*** RECORDS SUPPLIED ***

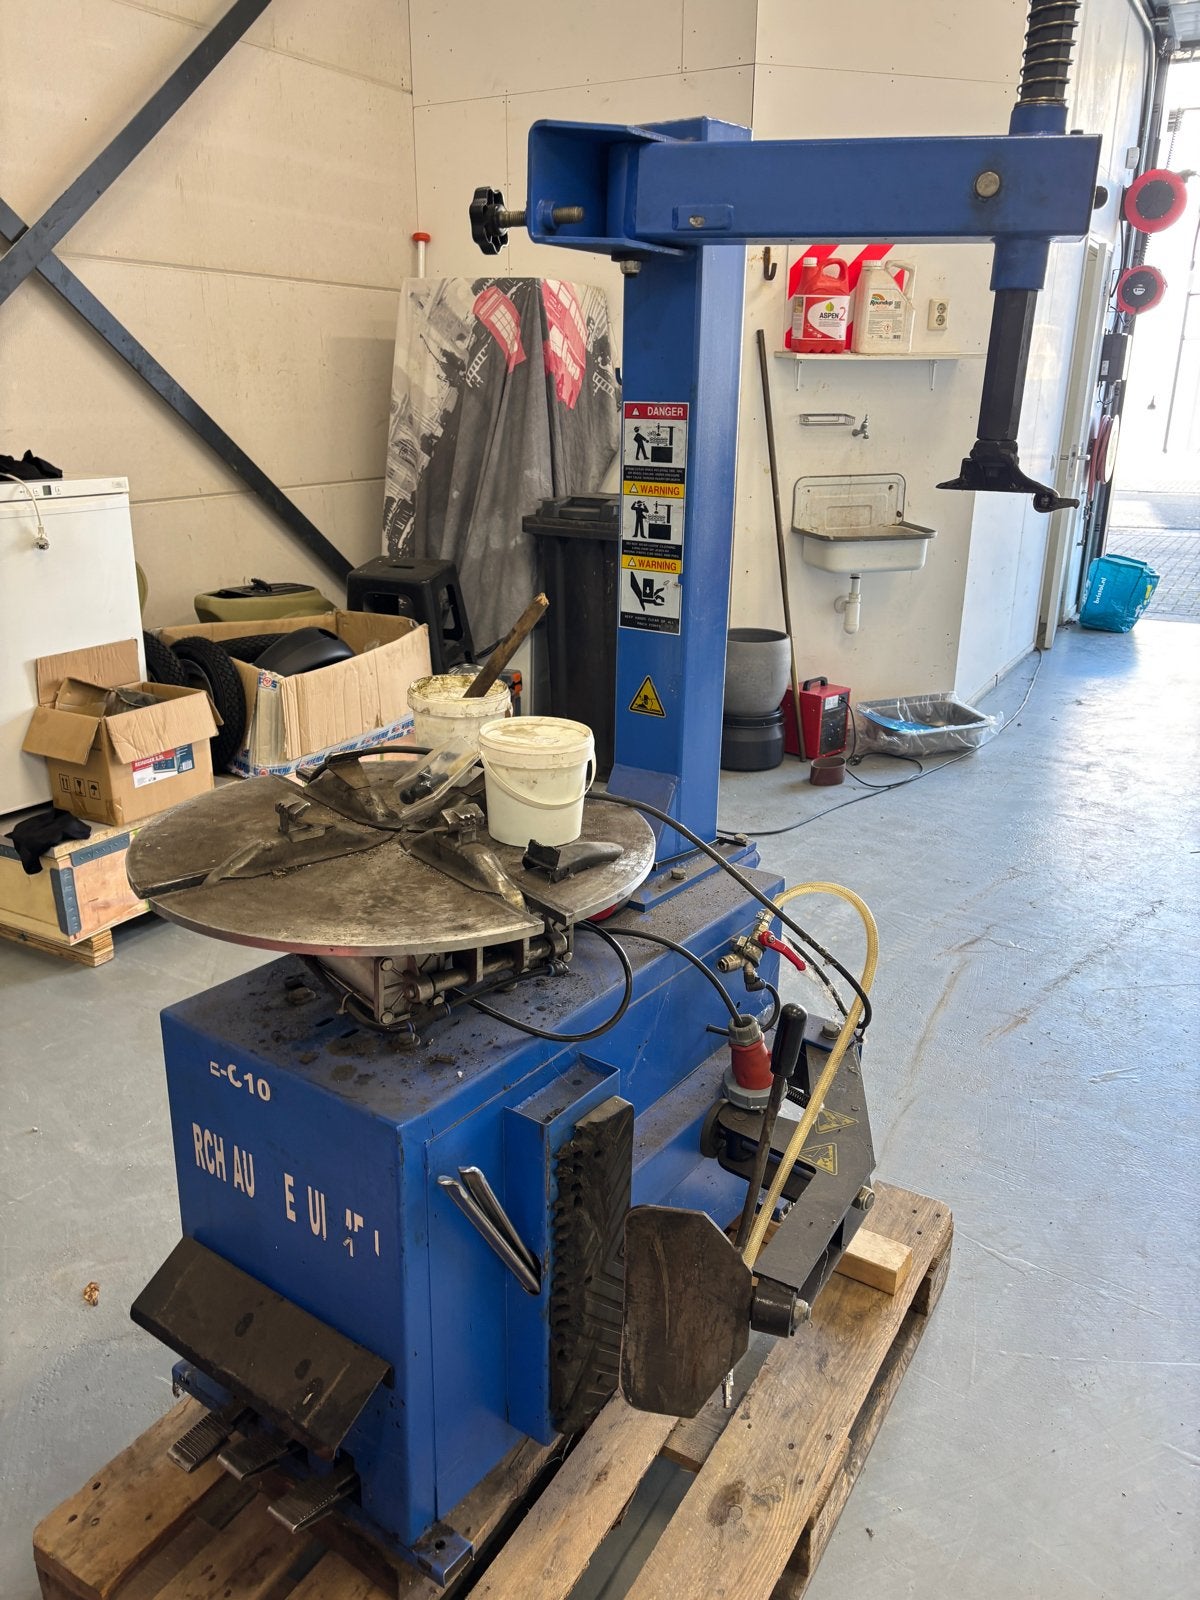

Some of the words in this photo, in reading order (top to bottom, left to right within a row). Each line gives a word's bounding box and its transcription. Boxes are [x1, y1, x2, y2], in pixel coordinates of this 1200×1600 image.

[869, 299, 893, 307] Roundup
[839, 307, 846, 322] 2
[647, 406, 684, 417] DANGER
[640, 484, 680, 496] WARNING
[638, 559, 677, 571] WARNING
[1093, 577, 1107, 605] bristol.nl
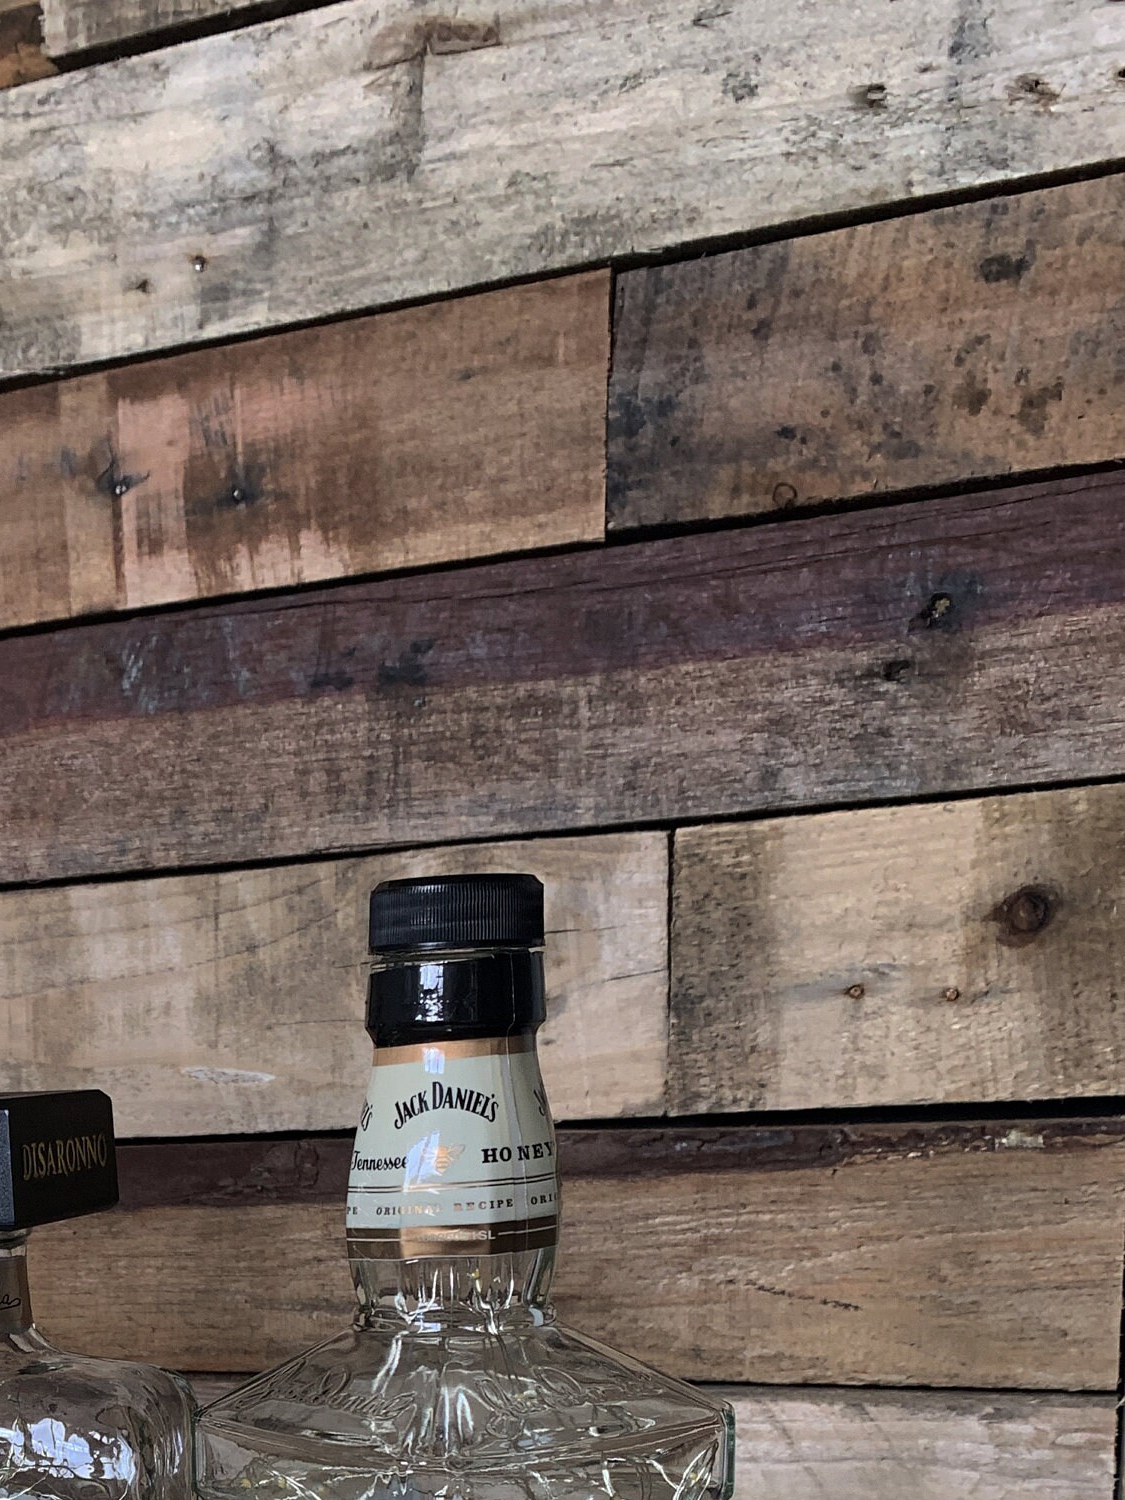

*** End of RECORDS SUPPLIED ***

§ **PROBLEM TO WORK ON**:
Your answer is an exact copy of the records above, stripped of pictures.

§ **SOLUTION FOR THIS TASK**:
Some of the words in this photo, in reading order (top to bottom, left to right within a row). Each line gives a word's bounding box and its transcription. Boxes are [x1, y1, x2, y2], in pixel coordinates of this 1200×1600 image.

[869, 299, 893, 307] Roundup
[839, 307, 846, 322] 2
[647, 406, 684, 417] DANGER
[640, 484, 680, 496] WARNING
[638, 559, 677, 571] WARNING
[1093, 577, 1107, 605] bristol.nl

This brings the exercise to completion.